Here's my late 1961 Radiant Red Conti Tourist. OG for the most part, missing the plastic fenders. Most of you have already seen this, but what the heck, this is a new Cabe section.


----------



## schwinnman67 (Jan 24, 2016)

Very Nice!!!


----------



## schwinnbikebobb (Jan 24, 2016)

Here is my 65 Super Sport. Told this story before but this was listed as a 73 but I knew better so off I went to get it. Saw a seat bag in the ad and thought it was a leather Schwinn one but was disappointed to see it was a plastic bag. Oh well.  Got home and found out it was a collectable Hunt Wilde bag so off to ebay and when it sold that turned it into a $5 Super Sport!!
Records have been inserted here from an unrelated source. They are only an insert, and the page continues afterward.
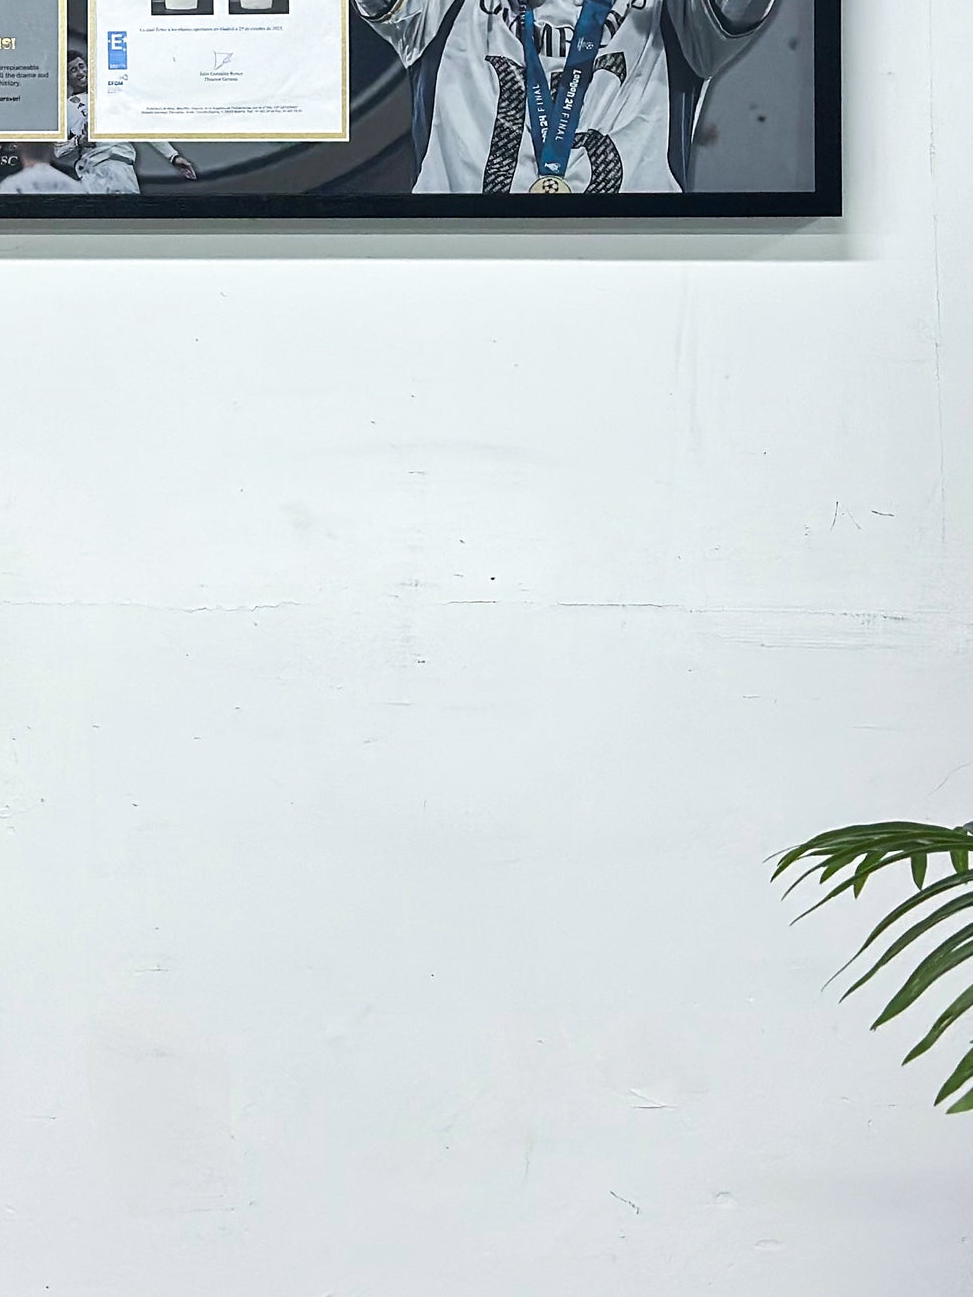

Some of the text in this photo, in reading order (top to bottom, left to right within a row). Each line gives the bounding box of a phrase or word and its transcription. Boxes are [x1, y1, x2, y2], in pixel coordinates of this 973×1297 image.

[532, 84, 545, 113] FINAL
[562, 97, 574, 111] 24
[538, 115, 548, 127] 24
[554, 112, 570, 141] FINAL
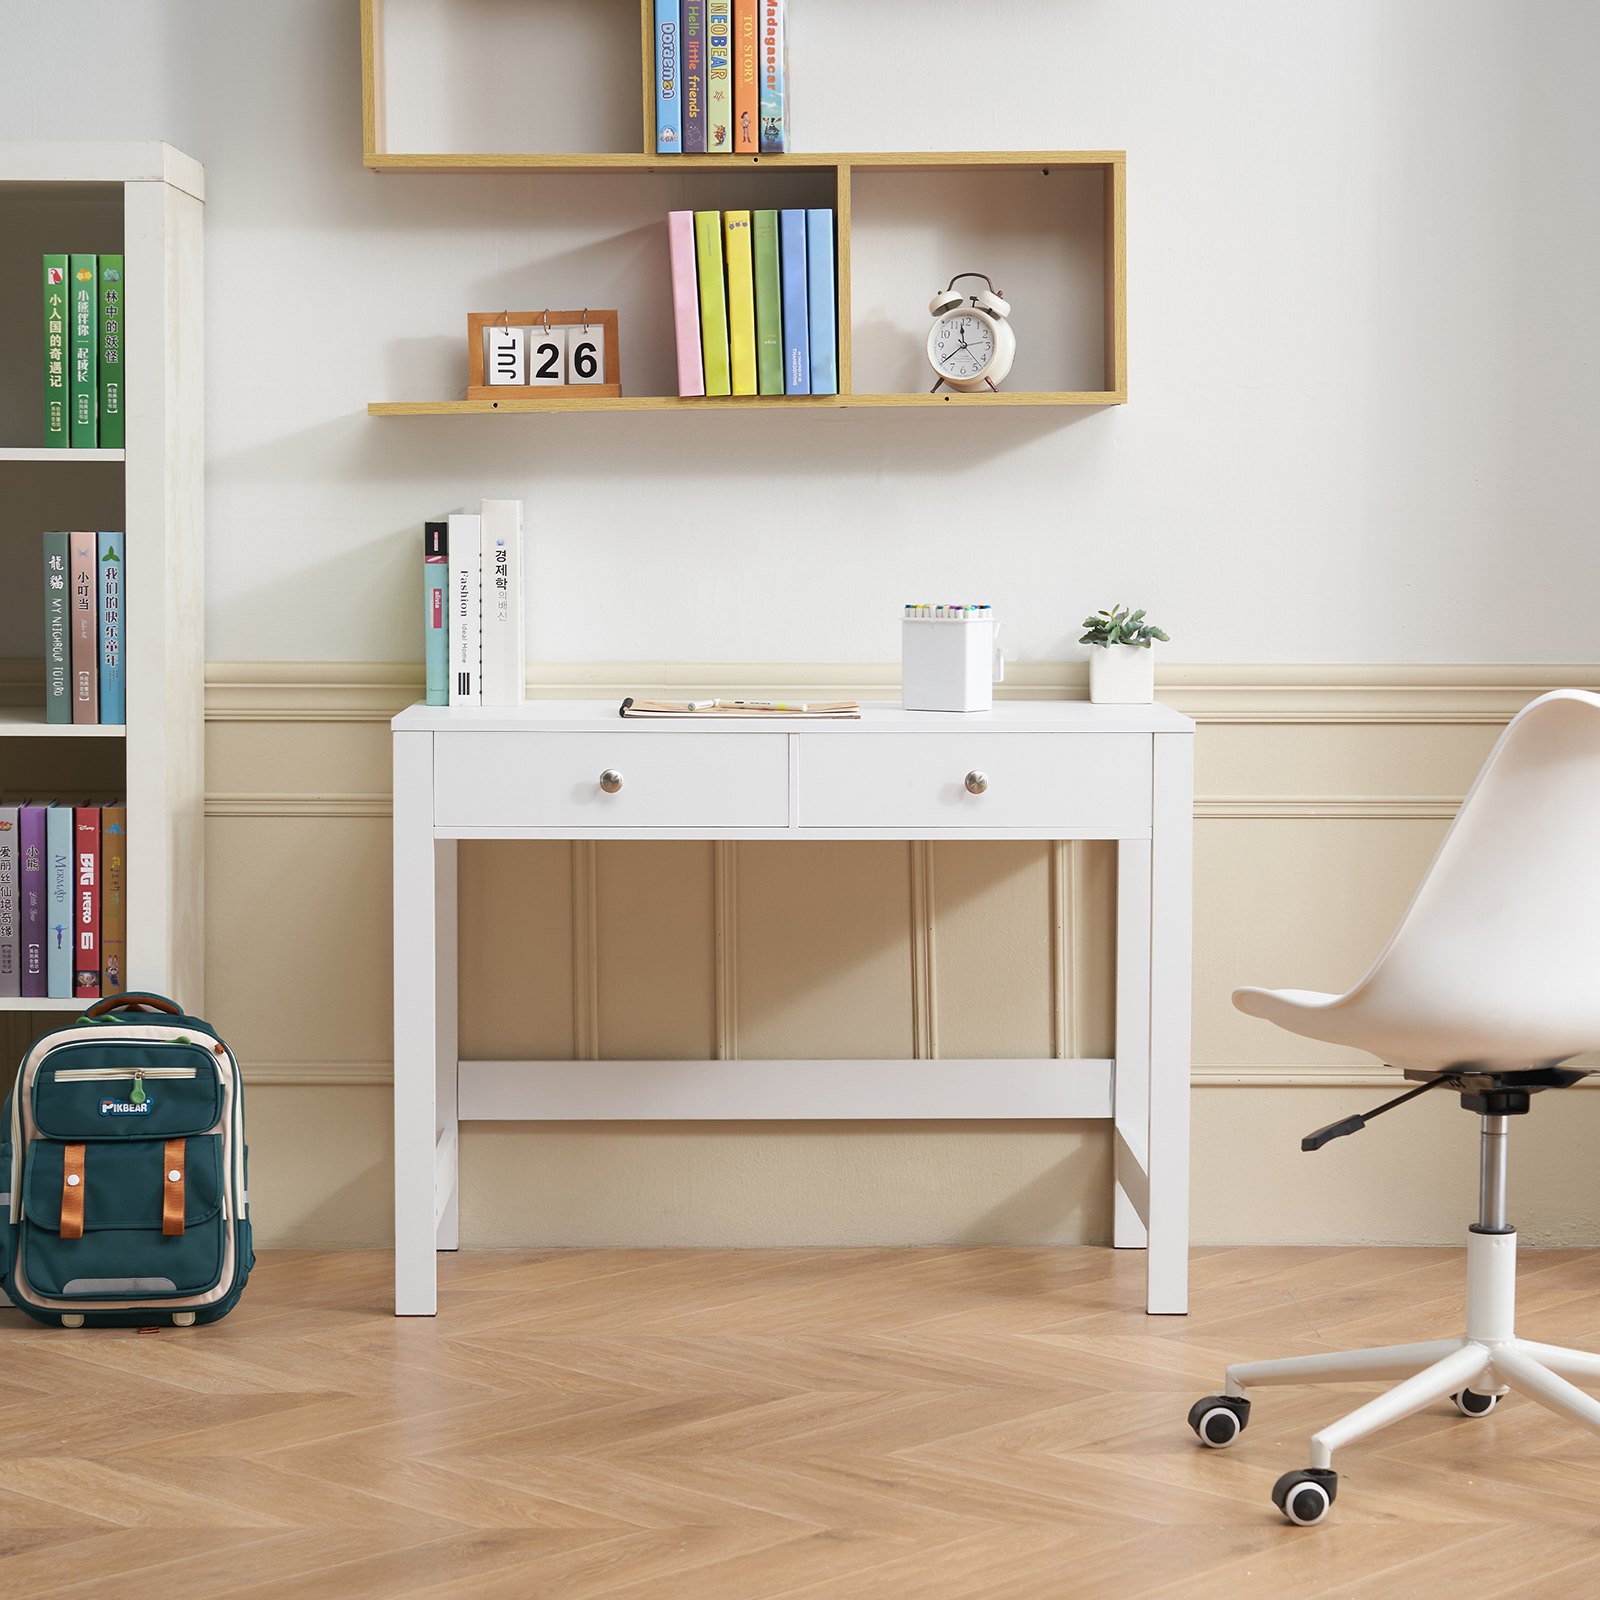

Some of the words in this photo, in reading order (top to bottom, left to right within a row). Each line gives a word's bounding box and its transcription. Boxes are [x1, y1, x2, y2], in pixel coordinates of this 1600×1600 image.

Working on the bicentennial now, had it a while but kept getting pushed back. Dirtiest paint I have ever seen. Schwinn white bikes seem to do that.


----------



## momo608 (Jan 24, 2016)

Thanks! The funny thing is I was looking for a bike to paint Violet. I gambled on this being a newer bike Violet appropriate, it wasn't so to make the best out of the situation and painted it radiant green. I put way too much money in this bike. I need to give Pastor Bob a big thanks for the NOS chainring.


----------



## Dale Alan (Jan 25, 2016)

That is a real beauty momo608,that NOS chainring was a great find.I like violet,but I think the green was a good choice for that one.


----------



## Eric Amlie (Jan 25, 2016)

Beautiful job on the Conti. Looks like you matched the bar tape pretty well to the Radiant Green. What is that tape? I didn't know there was a match.
For that matter, what did you use for paint? I've never seen a match for Radiant Green paint either.


----------



## momo608 (Jan 26, 2016)

Eric Amlie said:


> Beautiful job on the Conti. Looks like you matched the bar tape pretty well to the Radiant Green. What is that tape? I didn't know there was a match.
> For that matter, what did you use for paint? I've never seen a match for Radiant Green paint either.




It's some ancient OGK tape. The paint is House of Kolor Shimrin Pearl PBC-41 sherwood pearl. This is one of those very rare times when I found an existing formula that is just about a perfect match. Within this line there are a couple promising matches for Radiant red and Radiant blue. Unfortunately this is an obsolete formula line but it can still be had from house of kolor dealers. Here is what I used for the match, a 59 Jaguar compared to HOK.


----------



## Eric Amlie (Jan 26, 2016)

You do beautiful work! I wish I had your skills.


----------



## momo608 (Jan 26, 2016)

Eric Amlie said:


> You do beautiful work! I wish I had your skills.




Thank you! you have my skills, you just have not ruined enough projects yet to get where I'm at.


----------



## Dale Alan (Jan 26, 2016)

schwinnbikebobb said:


> Here is my 65 Super Sport. Told this story before but this was listed as a 73 but I knew better so off I went to get it. Saw a seat bag in the ad and thought it was a leather Schwinn one but was disappointed to see it was a plastic bag. Oh well.  Got home and found out it was a collectable Hunt Wilde bag so off to ebay and when it sold that turned it into a $5 Super Sport!!
> 
> Working on the bicentennial now, had it a while but kept getting pushed back. Dirtiest paint I have ever seen. Schwinn white bikes seem to do that.
> 
> ...




Love those bicentennials,my Dad bought me one when they came out .I remember it like it was yesterday.


----------



## Dale Alan (Jan 26, 2016)

Great work momo,I wish I could match paint .I am terrible at that part of the hobby .

My family laughs at how bad I am .When i bought this old farmhouse the dining room was a terrible pea green,I mean real bad. We were broke so buying paint was not at the top of the list but that green was a major downer .I went to the store,bought 5 gallons of a beautiful cheery green. Sure enough it was an almost perfect match for the old crappy paint.


----------